Thinking Outside of the Bin: Dayton Combines Technology and Incentives to Increase Recycling

Dayton, Ohio, utilizes tracking technology on recycling bins and monetary incentives to encourage more citizens to recycle.

In September 2010, Dayton, Ohio, launched an incentive-based recycling program meant to encourage residents to become more proactive about recycling. The program consists of two components: (1) a technology component that involves asset-tracking technology on recycling bins and (2) a monetary incentive distributed to residents that recycle. The program is described in more detail below:

Technology Component: Dayton installed radio frequency identification (RFID) tags onto recycling bins and utilizes asset-tracking software to identify the location of recycling bins, including 96- and 32-gallon containers, throughout the city. Trucks pick up the recyclable contents on a biweekly basis and the resident’s recycling bin is scanned with an RFID reader. The reader records the resident’s address, identification number, date, and time from the RFID tag. Once the reader captures the information, the resident is automatically entered into the city’s monthly reward drawing. Dayton spent $500,000 in federal stimulus funds to purchase the technology and 10,000 recycling bins.
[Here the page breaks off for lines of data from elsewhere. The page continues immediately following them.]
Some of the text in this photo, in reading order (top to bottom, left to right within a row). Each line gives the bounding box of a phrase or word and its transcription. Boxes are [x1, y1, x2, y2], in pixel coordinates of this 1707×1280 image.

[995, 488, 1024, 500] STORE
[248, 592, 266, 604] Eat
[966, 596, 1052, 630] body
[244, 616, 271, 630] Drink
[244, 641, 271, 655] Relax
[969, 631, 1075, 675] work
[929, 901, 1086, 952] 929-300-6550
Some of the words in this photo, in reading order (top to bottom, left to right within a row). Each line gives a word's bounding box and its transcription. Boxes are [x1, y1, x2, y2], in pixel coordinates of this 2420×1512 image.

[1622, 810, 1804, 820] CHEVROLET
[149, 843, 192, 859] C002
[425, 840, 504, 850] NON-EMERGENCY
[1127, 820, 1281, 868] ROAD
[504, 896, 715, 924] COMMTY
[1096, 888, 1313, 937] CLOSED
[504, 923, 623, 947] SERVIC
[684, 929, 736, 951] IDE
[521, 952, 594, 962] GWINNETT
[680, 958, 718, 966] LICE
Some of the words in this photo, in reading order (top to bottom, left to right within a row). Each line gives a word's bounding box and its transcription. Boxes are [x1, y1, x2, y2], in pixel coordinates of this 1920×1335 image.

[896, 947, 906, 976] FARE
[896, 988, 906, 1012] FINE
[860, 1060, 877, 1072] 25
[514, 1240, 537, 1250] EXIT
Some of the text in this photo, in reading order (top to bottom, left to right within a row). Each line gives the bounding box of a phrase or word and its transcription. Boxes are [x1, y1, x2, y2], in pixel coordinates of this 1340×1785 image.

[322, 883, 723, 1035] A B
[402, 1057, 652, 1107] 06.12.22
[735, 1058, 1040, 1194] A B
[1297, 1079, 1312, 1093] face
Monetary Incentive: Each month, residents have two opportunities to enter the city’s monthly recycling reward drawing. At the end of the month, four residents are chosen from the drawing and are awarded $100 each. Rumpke, a waste disposal service, distributes the prize money. The monetary incentives program is not funded through taxpayer dollars.

Outcome: According to Fred Stovall, Dayton’s Director of Public Works, Dayton’s recycling participating has increased by 40 percent since the program’s launch. This increase in recycling will save the city money since more garbage will be diverted away from the landfill. Currently, the city spends nearly $2.6 million a year to pick up and dispose of trash, about $38.25 per ton. Through the program, Dayton aims to increase the amount of recycling monthly from 500 tons to 1,000 tons.

What do you think?

Do you think this program would encourage people to recycle more in your community?

What are some possible advantages and disadvantages to implementing a program like this in your community?